#### Data provided
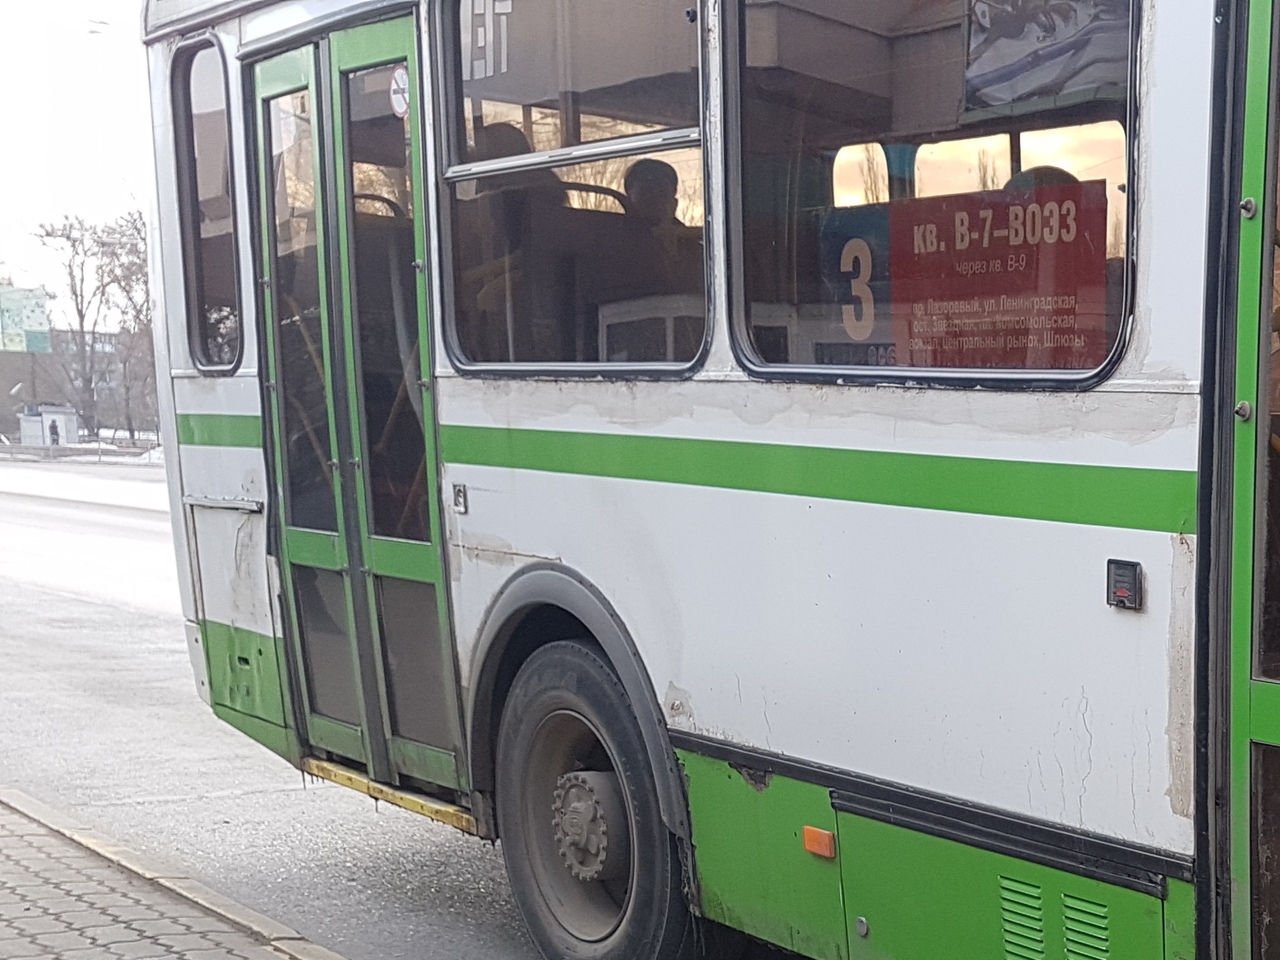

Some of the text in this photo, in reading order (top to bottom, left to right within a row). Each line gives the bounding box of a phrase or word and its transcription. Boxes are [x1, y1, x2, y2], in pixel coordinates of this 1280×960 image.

[956, 253, 1027, 278] через кв. В-9
[840, 237, 876, 341] 3
[983, 299, 999, 316] ул.
[1000, 294, 1080, 314] Ленинградская,
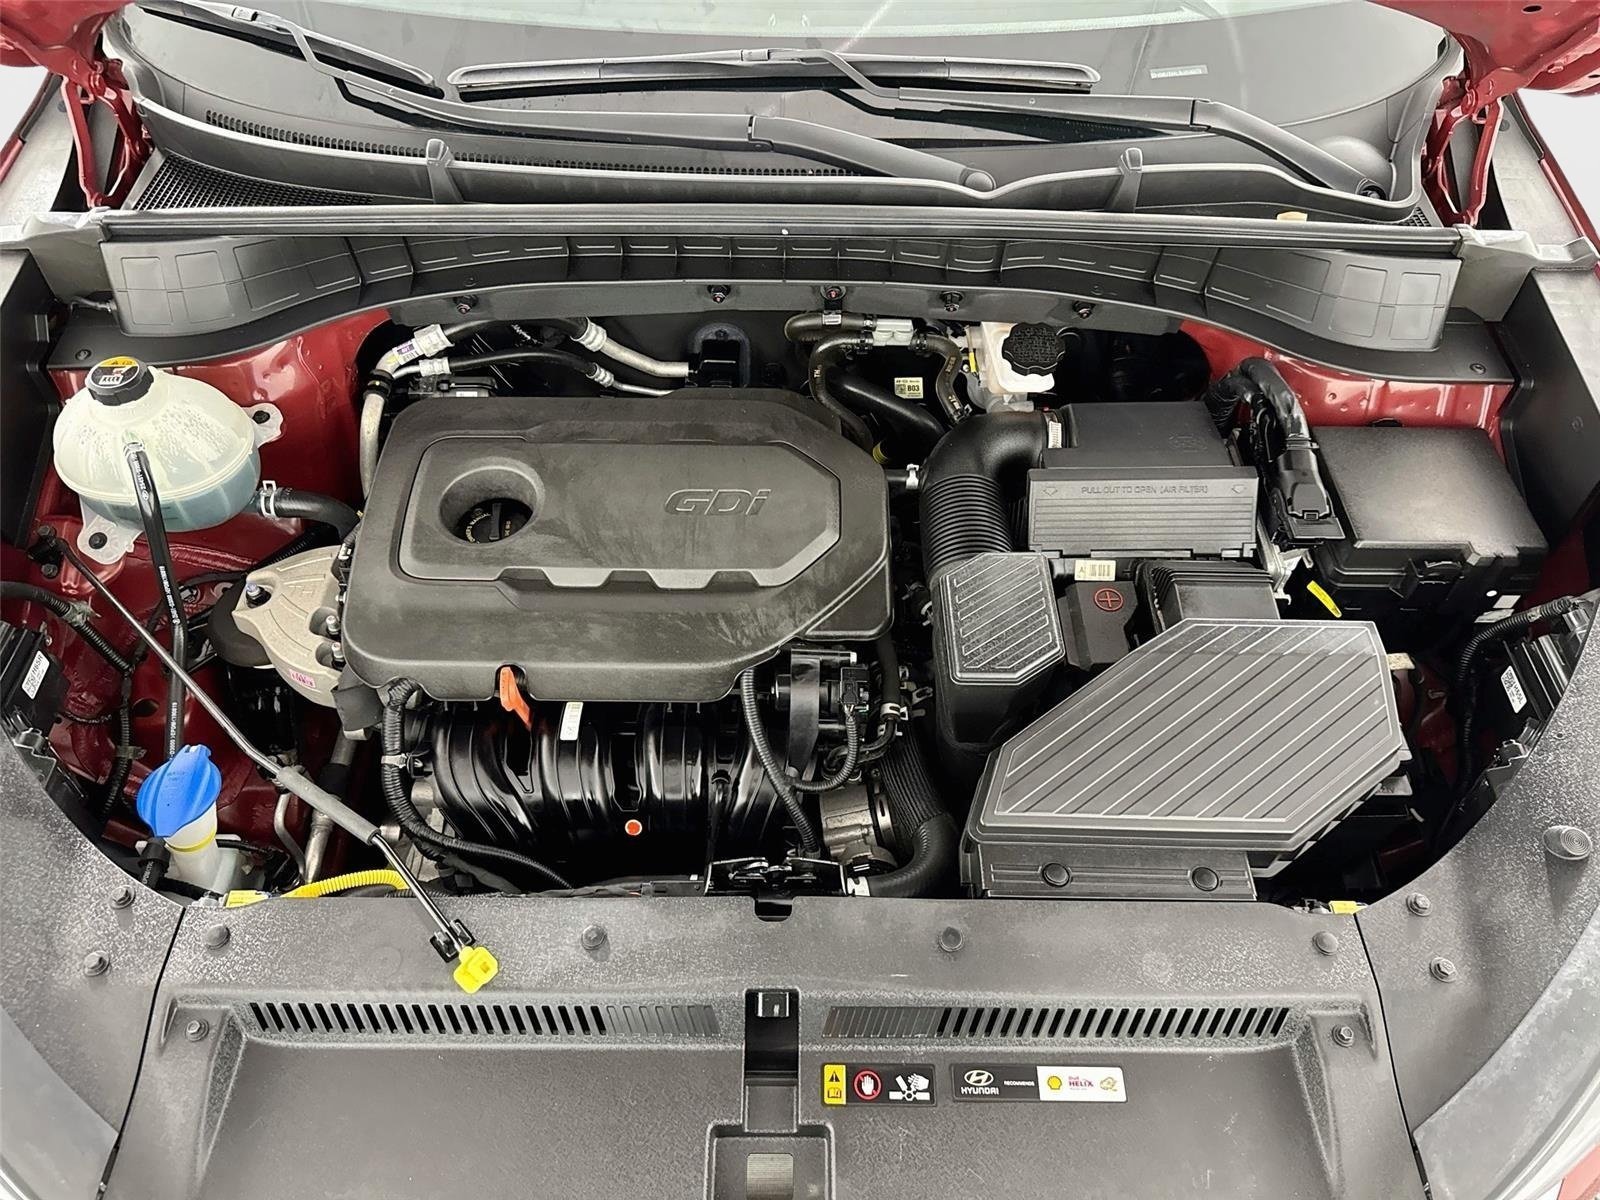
########
> Work to complete
What this calls for is the material above set down exactly, pictures excluded.

> The answer
Some of the text in this photo, in reading order (top to bottom, left to right within a row). Each line gives the bounding box of a phrase or word and its transcription. Boxes are [x1, y1, x2, y2], in pixel coordinates of this 1280×960 image.

[956, 253, 1027, 278] через кв. В-9
[840, 237, 876, 341] 3
[983, 299, 999, 316] ул.
[1000, 294, 1080, 314] Ленинградская,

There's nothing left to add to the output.